> [WORK TASK]: Nothing but the lines from the one containing "Some of the words" to the end of the material should be returned, each exactly as written.

-------- RECORDS TO PROCESS --------

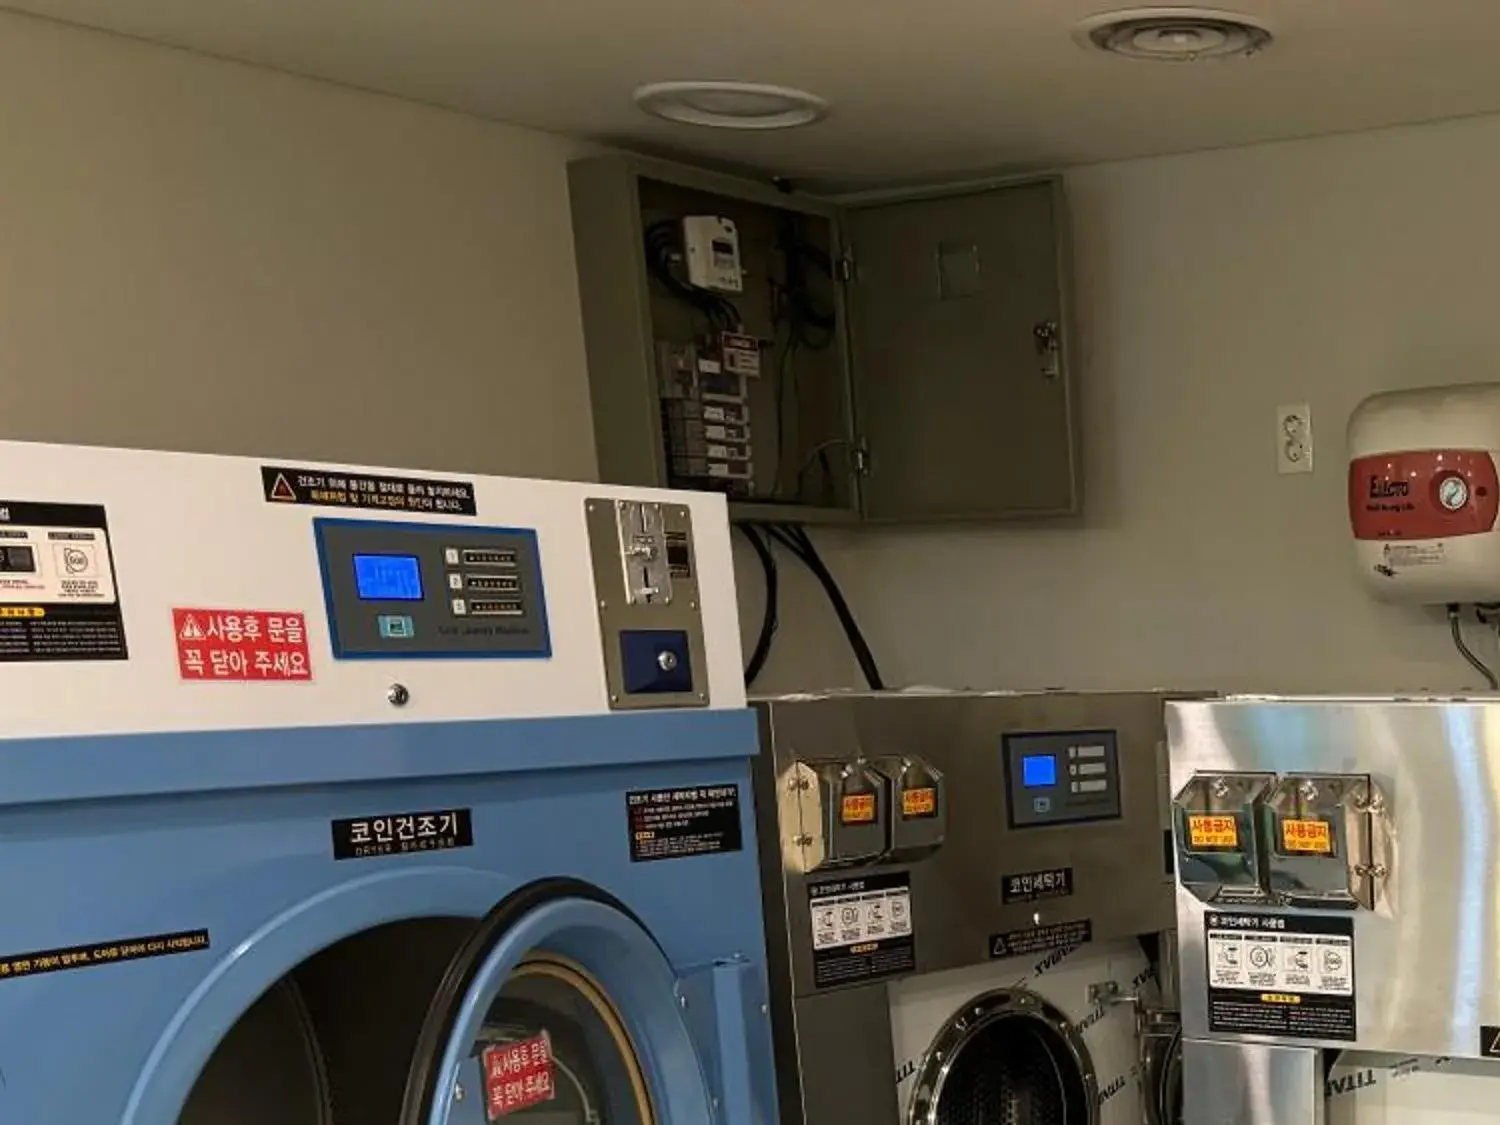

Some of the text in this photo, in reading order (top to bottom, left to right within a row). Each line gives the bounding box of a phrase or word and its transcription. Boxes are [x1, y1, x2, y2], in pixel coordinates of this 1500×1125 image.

[207, 614, 303, 643] 사용후 문을
[185, 649, 308, 677] 꼭 닫아 주세요
[351, 812, 457, 842] 코인건조기
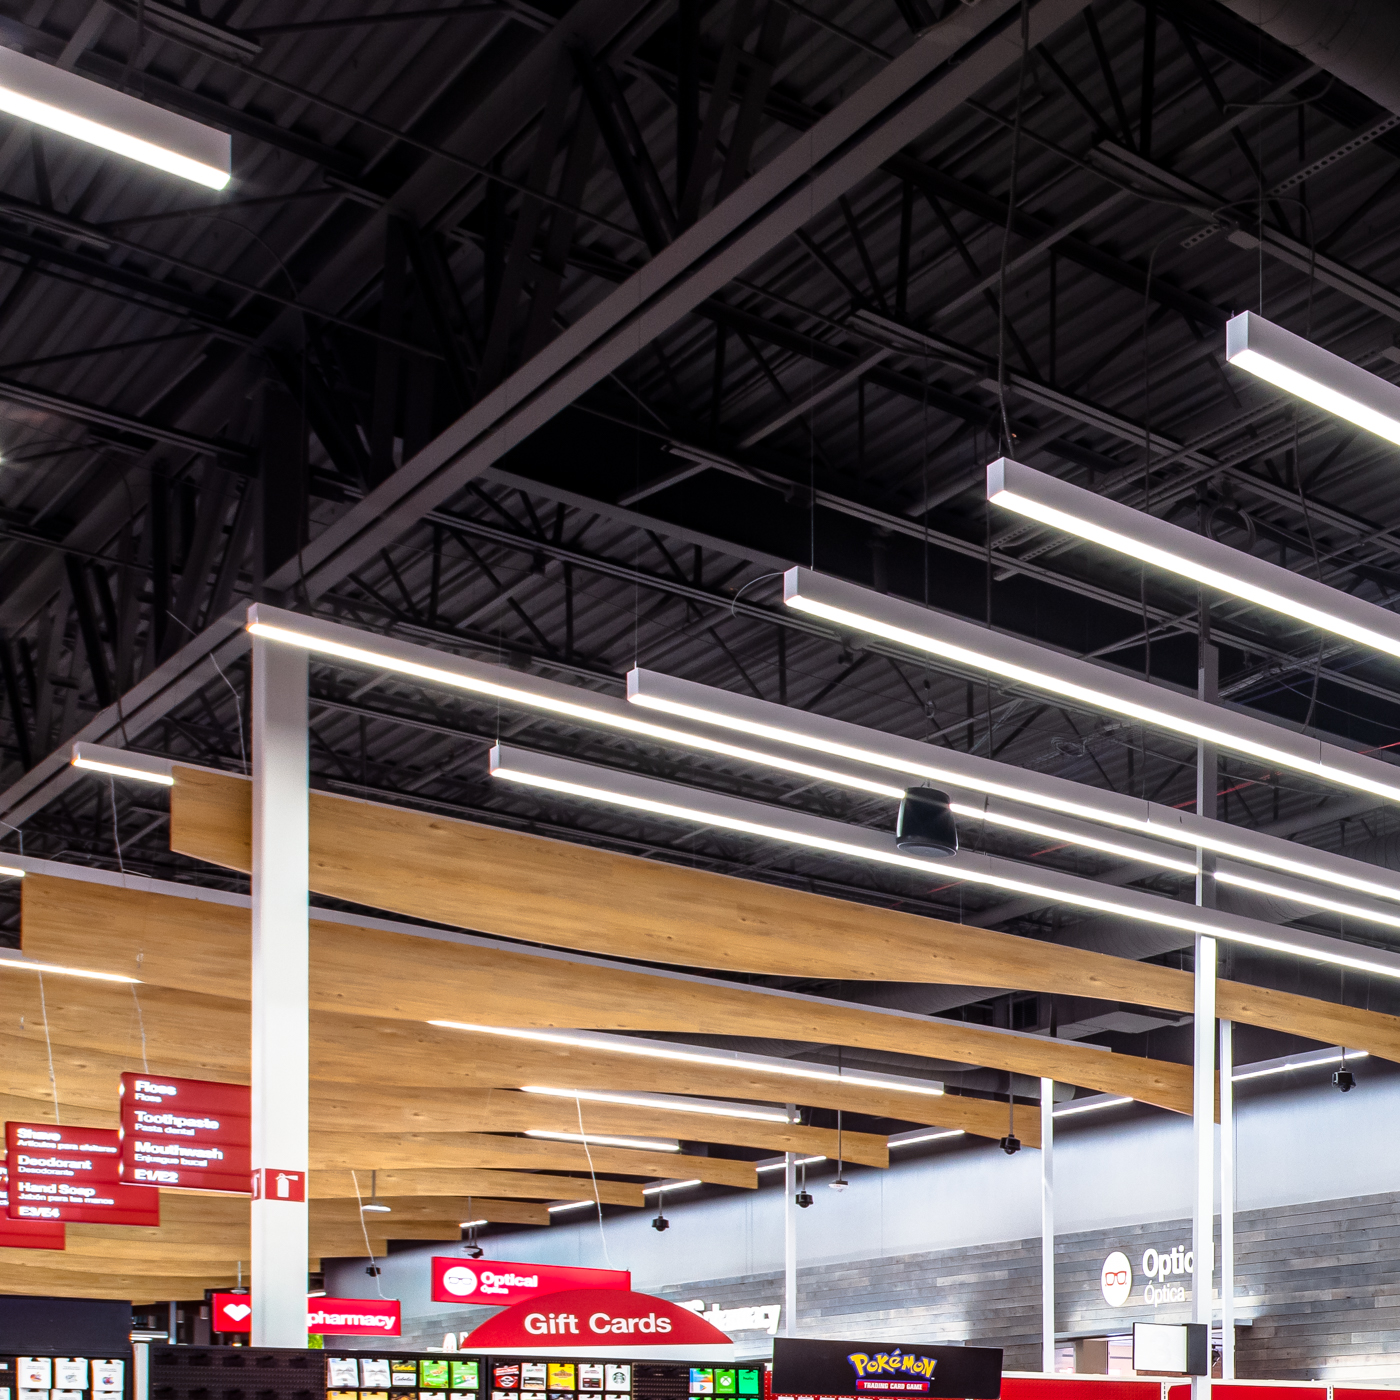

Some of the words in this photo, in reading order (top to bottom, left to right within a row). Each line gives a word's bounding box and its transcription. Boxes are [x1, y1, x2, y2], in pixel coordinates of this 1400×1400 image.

[134, 1080, 177, 1096] Floss
[134, 1110, 220, 1130] Toothpaste
[134, 1141, 224, 1160] Mouthwash
[18, 1155, 92, 1170] Deodorant
[1142, 1245, 1200, 1281] Optic
[480, 1271, 539, 1289] Optical
[307, 1309, 396, 1330] pharmacy
[524, 1312, 578, 1335] Gift
[588, 1312, 672, 1334] Cards
[890, 1382, 905, 1390] CARD
[906, 1383, 923, 1391] GAME

--------

> [SOLUTION TO THIS TASK]:
Some of the words in this photo, in reading order (top to bottom, left to right within a row). Each line gives a word's bounding box and its transcription. Boxes are [x1, y1, x2, y2], in pixel coordinates of this 1400×1400 image.

[134, 1080, 177, 1096] Floss
[134, 1110, 220, 1130] Toothpaste
[134, 1141, 224, 1160] Mouthwash
[18, 1155, 92, 1170] Deodorant
[1142, 1245, 1200, 1281] Optic
[480, 1271, 539, 1289] Optical
[307, 1309, 396, 1330] pharmacy
[524, 1312, 578, 1335] Gift
[588, 1312, 672, 1334] Cards
[890, 1382, 905, 1390] CARD
[906, 1383, 923, 1391] GAME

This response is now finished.